Caudal rami (Fig. 22B, C) slightly more divergent than in female, but equally short, with minute innermost terminal seta (arrowed in Fig. 22B) and with anterior ventral pore (δ; arrowed in Fig. 22C).

Antennula (Fig. 22E, F) strongly prehensile and digeniculate, 17-segmented (but with sixteenth and seventeenth segments partly fused), ornamented with spinules only on first segment (as in female), with anvil-shaped cuticular ridges on anterior margin of fourteenth and fifteenth segments (distal geniculation), with extremely short sixteenth segment (arrowed in Fig. 22E). Armature formula as follows: 8+3ae.4.2.2+ae.2.2.2.2.2+ae.2.2.2.2 + ae.2.1.4.7+ae. All aesthetascs linguiform, slender and short, apical one on sixteenth segment fused basally to one seta.

Antenna, labrum, mandibula, maxillula, maxilla, swimming legs, and fifth leg as in female.

Sixth leg (Fig. 22H) large cuticular plate, unornamented, armed with small inner spine and two bipinnate setae on outer distal corner; outermost seta 2.2 times as long as inner bipinnate seta, as well as 2.4 times as long as innermost spine.

Remarks.

Diacyclops hanguk sp. n. belongs to the languidoides-group based on its 11-segmented antennula and the swimming leg segmentation formula (exopod/endopod) 2/2, 3/2, 3/3, 3/3. Detailed examination of the pattern of pores and sensilla on the somites and the armature of the mouth appendages show that this species is only distantly related to all other East Asian species of this species-group except for Diacyclops parahanguk sp. n. from Japan (see below).

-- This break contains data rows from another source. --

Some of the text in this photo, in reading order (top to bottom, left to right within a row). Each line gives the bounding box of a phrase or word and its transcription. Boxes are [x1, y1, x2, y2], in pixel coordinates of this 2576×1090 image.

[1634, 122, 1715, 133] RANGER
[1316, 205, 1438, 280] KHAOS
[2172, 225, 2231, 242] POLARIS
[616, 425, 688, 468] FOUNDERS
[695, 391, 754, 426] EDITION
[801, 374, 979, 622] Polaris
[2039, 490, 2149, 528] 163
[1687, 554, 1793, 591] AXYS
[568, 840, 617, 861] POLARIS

It it quite clear that the two form a sibling species pair, with their extremely short caudal rami and genital double somite, extremely wide anal operculum, almost identical pattern of pores and sensilla on all somites, minute innermost terminal caudal seta, long dorsal caudal seta, wider than long eighth segment of the antennula, extremely reduced armature formula of the antenna (1.1.5.7), single seta on the mandibular palp, identical armature formula of the swimming legs (with only three inner setae on the second endopodal segment of the first leg), extremely short third endopodal segment of the fourth leg, and progressively longer setae from the outer side on the third exopodal segment of the fourth leg. The two species can be distinguished by their habitus, armature of the maxillipedal basis, ornamentation of the labrum and antennal basis, relative length of the aesthetasc on the eighth antennular segment, small differences in the shape of the seminal receptacle, genital double-somite, and caudal rami, and relative lengths of the dorsal caudal seta and inner apical spine on the third endopodal segment of the fourth leg (all these arrowed in Figs 23-25). Additionally, small differences were observed in the pattern of pores and sensilla, with sensilla no. 21 less widely spaced in Diacyclops hanguk .

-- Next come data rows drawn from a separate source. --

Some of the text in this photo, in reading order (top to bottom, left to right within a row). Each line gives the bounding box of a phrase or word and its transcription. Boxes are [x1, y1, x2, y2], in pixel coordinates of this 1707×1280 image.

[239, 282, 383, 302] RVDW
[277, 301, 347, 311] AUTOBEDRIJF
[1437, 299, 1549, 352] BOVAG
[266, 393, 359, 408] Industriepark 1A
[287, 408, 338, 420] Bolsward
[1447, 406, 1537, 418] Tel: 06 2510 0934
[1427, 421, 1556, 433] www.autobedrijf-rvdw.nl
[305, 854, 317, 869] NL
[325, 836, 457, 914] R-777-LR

No other species of the languidoides-group, nor any other species of Diacyclops , has such short caudal rami and minute innermost terminal caudal setae. These characters are traditionally only found in much more reduced cyclopoids (usually with variously reduced fifth legs), such as members of the genus Itocyclops Reid & Ishida, 2000 from Japan and North America (see Reid and Ishida 2000). It would be easy to speculate how this monospecific genus could have originated from an acestor similar to Diacyclops hanguk through a series of reductions in both the swimming leg segmentation and the armature and segmentation of the fifth leg, if Itocyclops did not exibit a more plesiomorphic armature of the antenna and maxilliped.

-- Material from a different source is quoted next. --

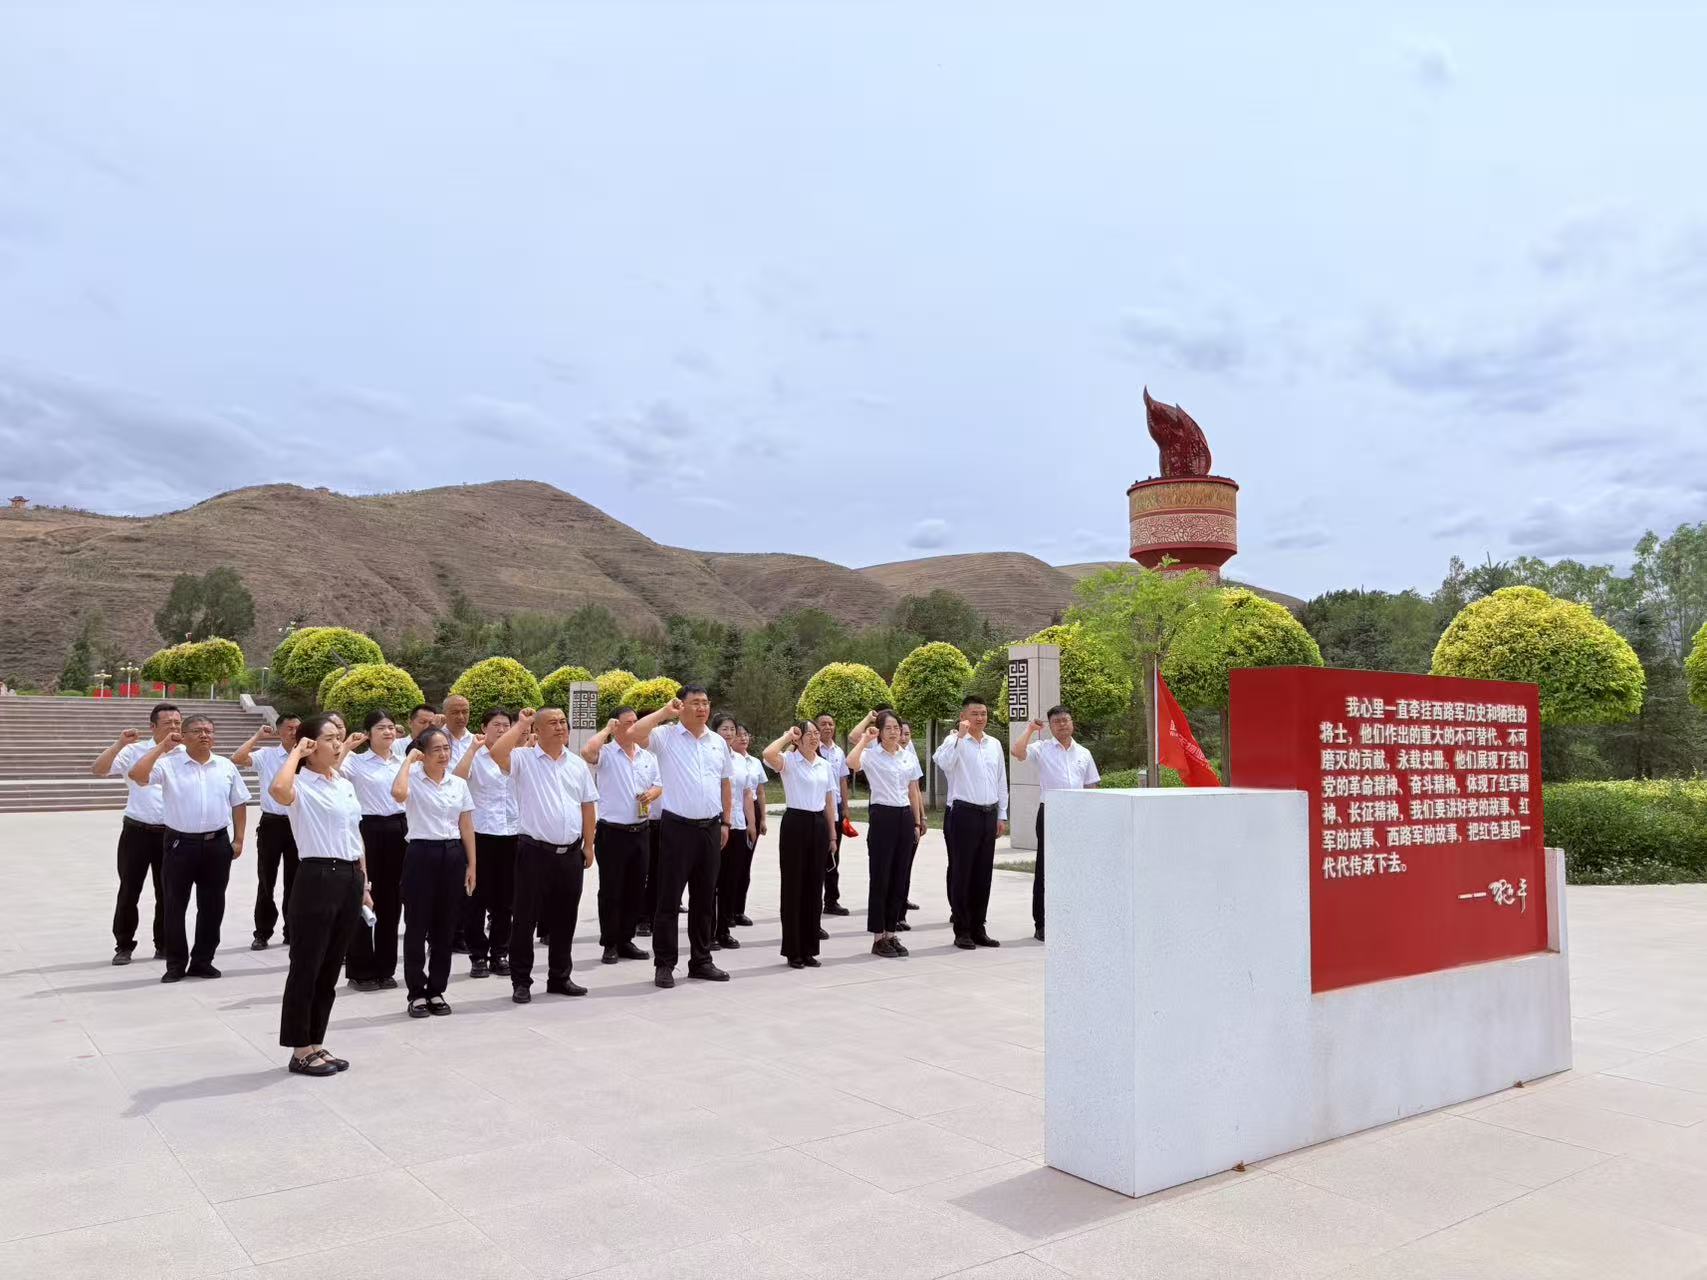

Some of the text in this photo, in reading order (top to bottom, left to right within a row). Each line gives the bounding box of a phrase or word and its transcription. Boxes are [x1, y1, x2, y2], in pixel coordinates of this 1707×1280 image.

The only other described Diacyclops with similarly short caudal rami is the Romanian Diacyclops languidoides spelaeus Pleşa, 1956. This species does not even belong to the languidoides-group, as is shown by the three-segmented exopod of its first leg (see Pleşa 1956), even though Dussart and Defaye (2006) recently still listed it as a subspecies of Diacyclops languidoides (Lilljeborg, 1901). The latter authors mentioned that Diacyclops languidoides spelaeus could be a junior synonym of Diacyclops stygius deminutus (Chappuis, 1925), following Monchenko (1974), but this is just a speculation until both taxa are properly redescribed. Both differ from Diacyclops hanguk by the segmentation of the swimming legs, and by their much longer innermost terminal caudal seta.